Although the CDO is a relative newcomer to the C-suite, research suggests the number of companies hiring a data chief has more than quadrupled since 2012 – and the data-led developments of the past 12 months have probably been a tipping point for the enterprise's perception of the value of CDOs.
The central role of data in all organisations became clear during the coronavirus pandemic, as companies had to react quickly to real-time information and then pivot to meet fast-changing socio-economic circumstances and customer requirements.
At this crucial juncture, CDOs stepped up and provided timely solutions to the business' challenges. Such has been the level of their success that Gartner says 72% of CDOs are now either leading or heavily involved in their organisation's digital transformation initiatives.
Logan says these results show that more boards finally understand the primary role that data plays in the overall digital business strategy. Gartner says seven in 10 boards have accelerated digital business initiatives in the wake of COVID-19.
In fact, the analyst says the central role of data to digital transformation initiatives is having a consequential impact on the responsibilities of data chiefs, with the divide between the two types of CDO – chief digital officer and chief data officer – becoming increasingly blurred.

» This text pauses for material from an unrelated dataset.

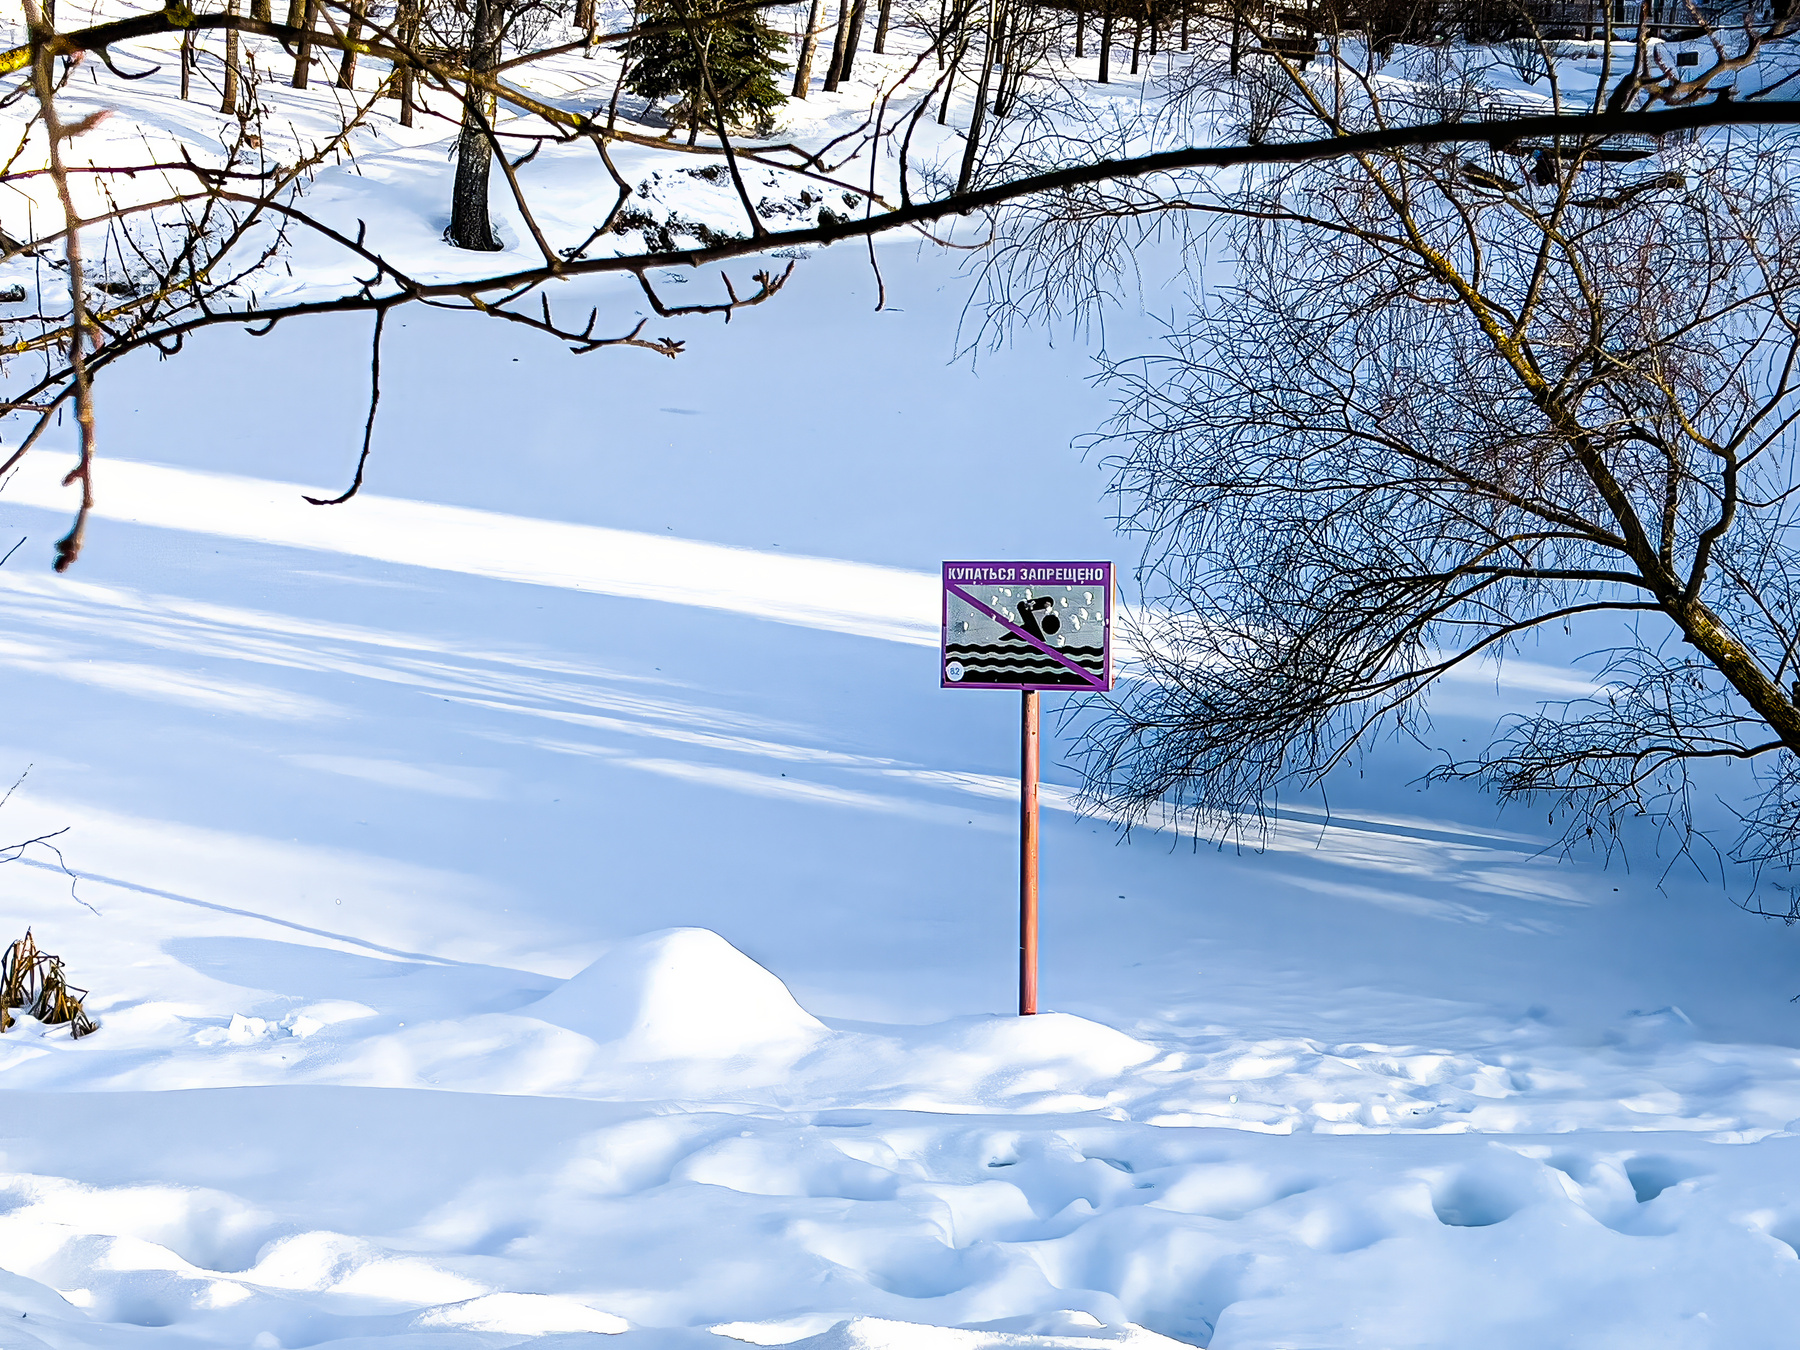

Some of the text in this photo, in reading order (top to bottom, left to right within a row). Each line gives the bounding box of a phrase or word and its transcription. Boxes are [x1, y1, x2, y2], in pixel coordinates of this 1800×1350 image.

[948, 568, 1104, 582] КУПАТЬСЯ ЗАПРЕЩЕНО
[950, 667, 960, 676] 82
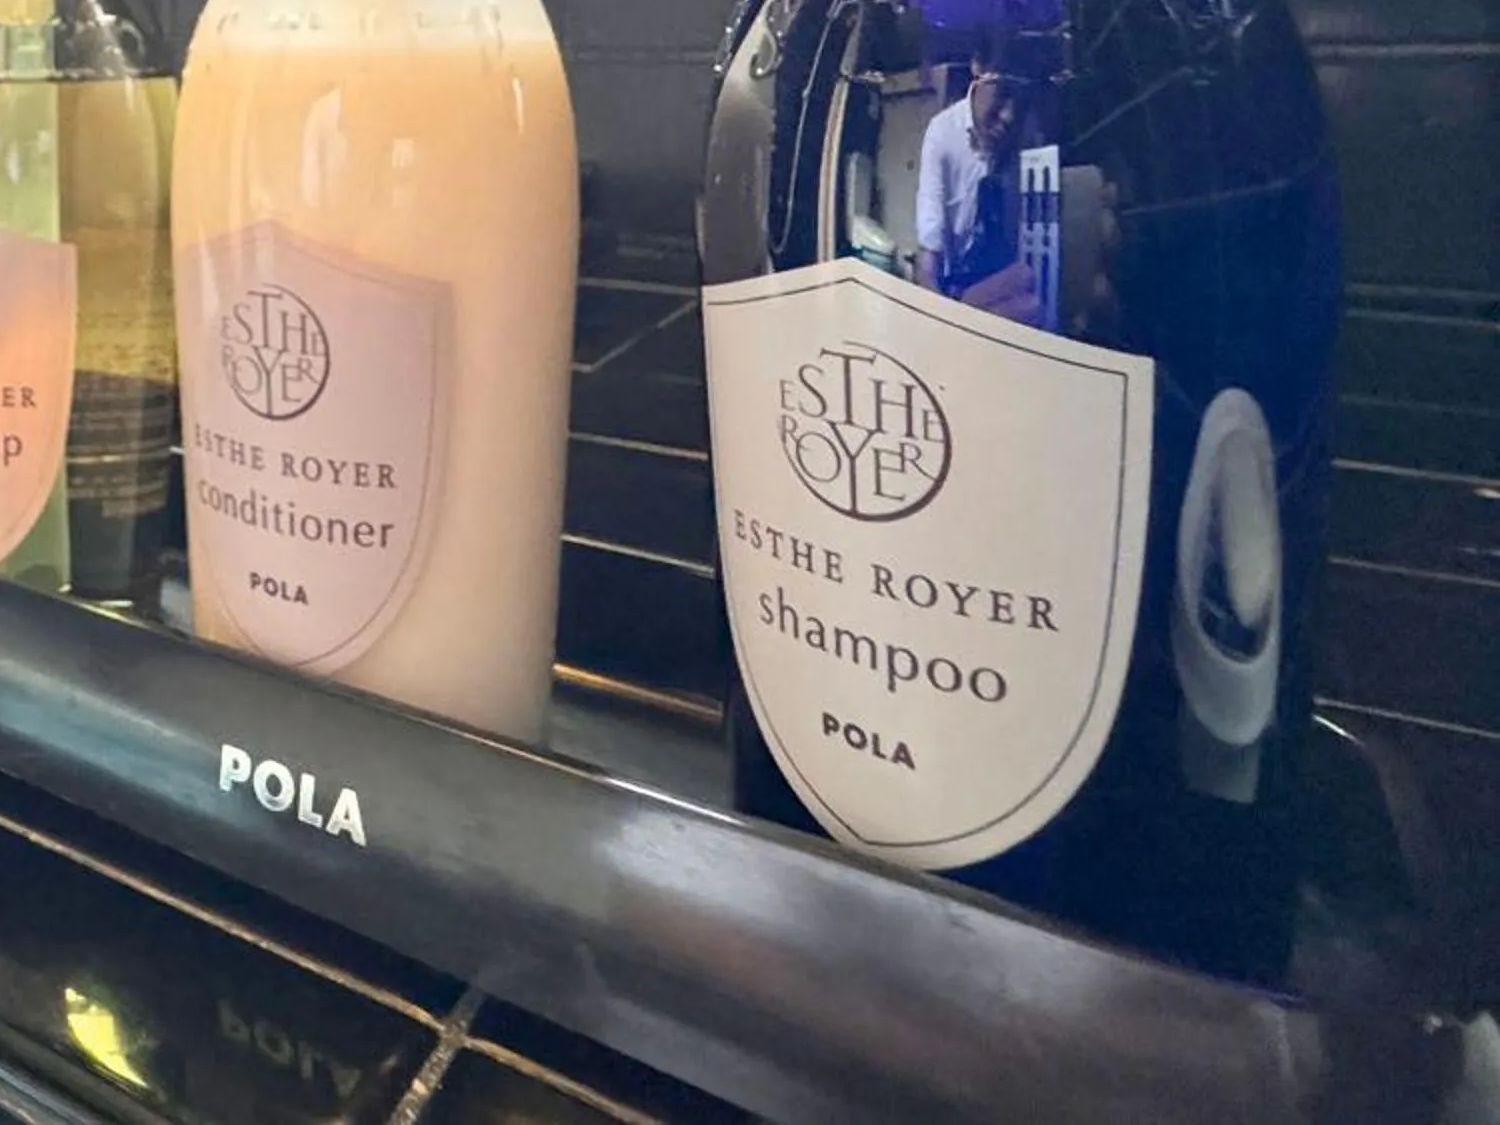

So now the CDO has proven their value, their influence and remit could be set to increase further. But if that's a challenge, then it's a nice problem to have for data chiefs who have – until very recently – sometimes struggled to find their seat at the top table.
For CDOs looking to cement their positions, the key to success is a laser-like focus on engagement. As S&P Global Market Intelligence's chief product officer for data management solutions Warren Breakstone tells ZDNet, while business models change, one thing remains constant: data chiefs must concentrate on helping the business meet its objectives.
"The combination of technology and human capital is key," he says. "It's all about people being able to utilise the technology and the data to ultimately achieve the business' goals – I think that convergence just continues to accelerate."